Opinion
Court of Appeals Case No. 21A-CR-223
08-26-2021
Attorney for Appellant: John L. Tompkins, Tompkins Law, Indianapolis, Indiana Attorneys for Appellee: Theodore E. Rokita, Attorney General of Indiana, Caroline G. Templeton, Deputy Attorney General, Indianapolis, Indiana
Attorney for Appellant: John L. Tompkins, Tompkins Law, Indianapolis, Indiana
Attorneys for Appellee: Theodore E. Rokita, Attorney General of Indiana, Caroline G. Templeton, Deputy Attorney General, Indianapolis, Indiana
MEMORANDUM DECISION
Bailey, Judge.
Case Summary
[1] In this interlocutory appeal, Cody Leroy Archer ("Archer") appeals the denial of his motion to dismiss a charging information alleging he committed Battery by Means of a Deadly Weapon, as a Level 5 felony, which charge was premised upon Archer ramming his vehicle into another occupied vehicle. He presents the sole issue of whether the trial court abused its discretion by finding that the facts of the information constituted an offense and denying the motion to dismiss, notwithstanding Archer's contention that the State failed to allege that another person – as opposed to an inanimate object – was struck. We affirm.

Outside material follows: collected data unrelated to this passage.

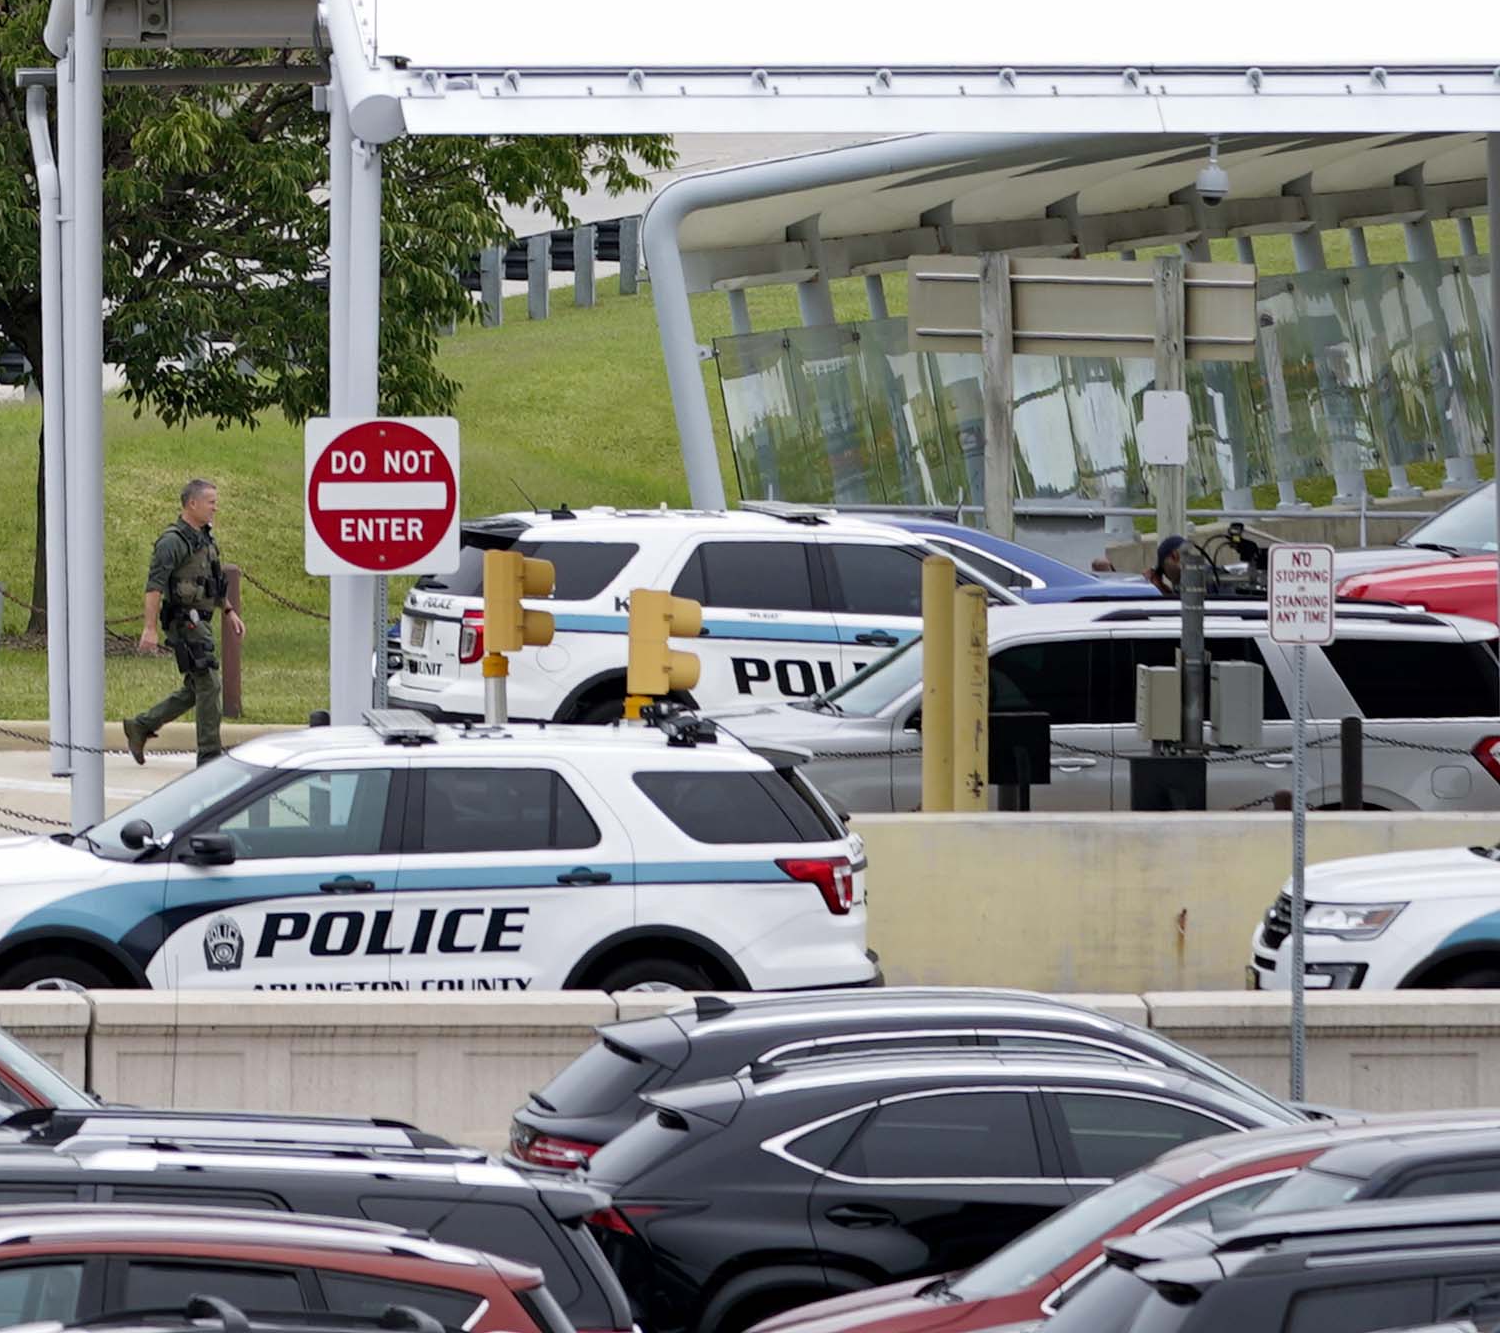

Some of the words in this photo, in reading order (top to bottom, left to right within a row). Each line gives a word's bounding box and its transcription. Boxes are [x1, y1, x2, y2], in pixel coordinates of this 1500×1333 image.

[330, 450, 367, 475] DO
[383, 449, 435, 475] NOT
[340, 517, 424, 543] ENTER
[1291, 551, 1312, 567] NO
[1275, 570, 1329, 583] STOPPING
[1275, 595, 1329, 608] STANDING
[1275, 611, 1298, 623] ANY
[1302, 610, 1328, 623] TIME
[254, 906, 530, 958] POLICE

Ind. Code § 35-42-2-1(c)(1), (g)(2).
Facts and Procedural History
[2] On March 8, 2020, at approximately 9:00 p.m., Parke County Sheriff's Deputy Josh Milbourn ("Deputy Milbourn") responded to a report of a road rage incident on westbound U.S. Road 36. A 9-1-1 caller had reported that he was in a vehicle and was being chased by another vehicle at a speed of around 100 miles per hour. Deputy Milbourn headed toward the reported location and clocked two vehicles traveling at a speed of 98 miles per hour. As he traveled east of the Raccoon Lake State Park entrance, he observed the vehicle in back strike the front vehicle.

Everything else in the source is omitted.